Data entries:
_____

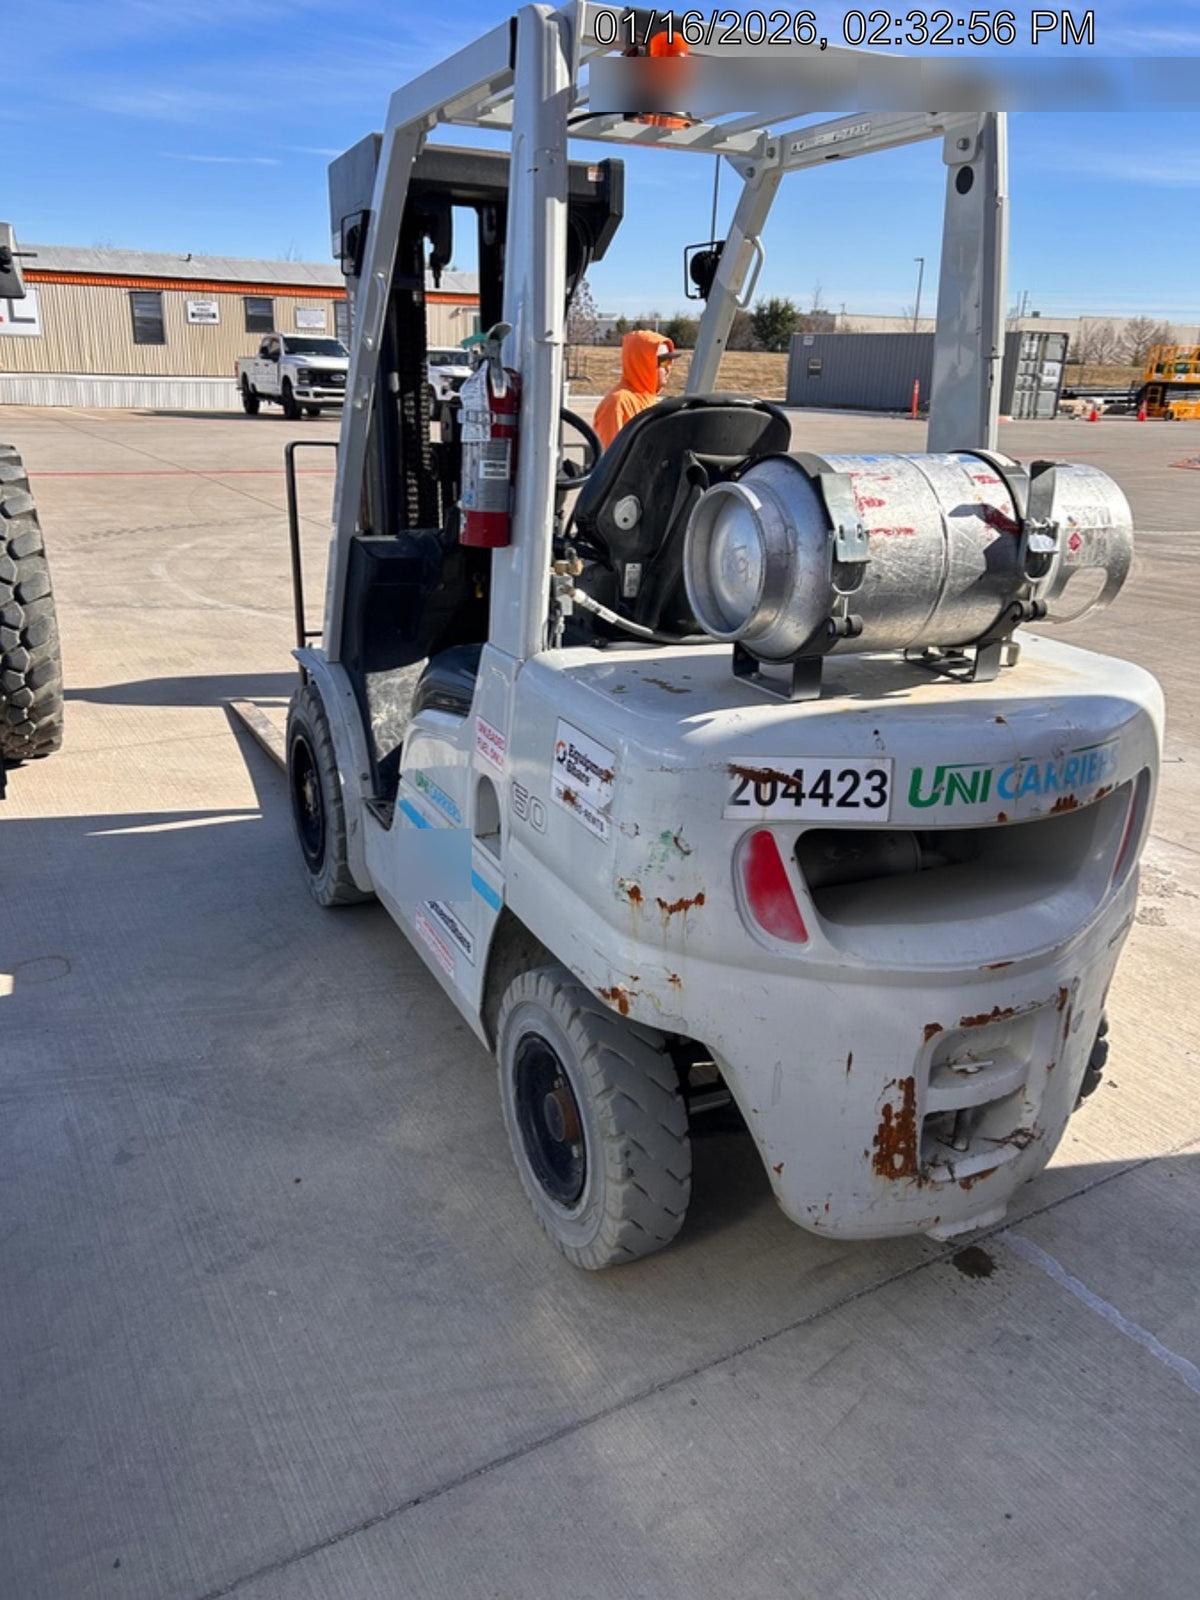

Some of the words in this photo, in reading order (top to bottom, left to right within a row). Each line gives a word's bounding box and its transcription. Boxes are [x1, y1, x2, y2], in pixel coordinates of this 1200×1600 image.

[566, 758, 590, 786] Share
[568, 742, 614, 784] Equipme
[728, 766, 888, 809] 204423
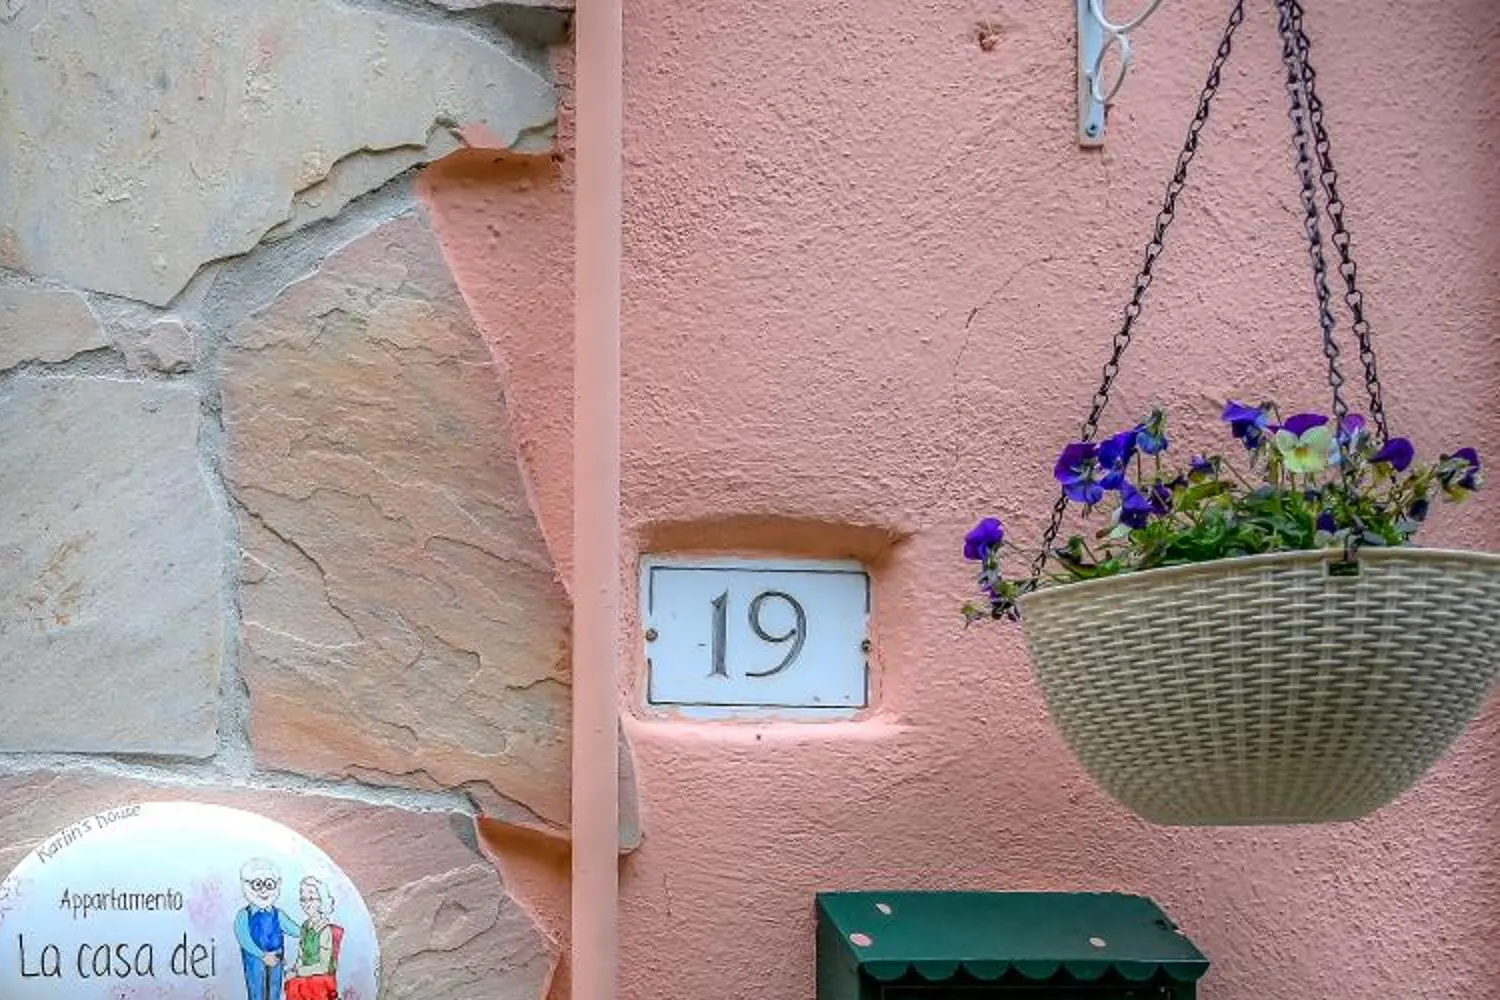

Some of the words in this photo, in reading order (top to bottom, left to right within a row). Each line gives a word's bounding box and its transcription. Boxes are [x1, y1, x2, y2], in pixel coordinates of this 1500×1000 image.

[707, 587, 807, 678] 19
[59, 888, 184, 920] Appartamento
[18, 933, 62, 978] La
[77, 942, 156, 979] casa
[170, 931, 216, 979] dei

_____

PROBLEM TO SOLVE:
All of the lines above should be copied exactly, apart from the pictures.

TASK ANSWER:
Some of the words in this photo, in reading order (top to bottom, left to right within a row). Each line gives a word's bounding box and its transcription. Boxes are [x1, y1, x2, y2], in pixel coordinates of this 1200×1600 image.

[566, 758, 590, 786] Share
[568, 742, 614, 784] Equipme
[728, 766, 888, 809] 204423

Some of the words in this photo, in reading order (top to bottom, left to right within a row). Each line gives a word's bounding box and its transcription. Boxes are [x1, y1, x2, y2], in pixel coordinates of this 1500×1000 image.

[707, 587, 807, 678] 19
[59, 888, 184, 920] Appartamento
[18, 933, 62, 978] La
[77, 942, 156, 979] casa
[170, 931, 216, 979] dei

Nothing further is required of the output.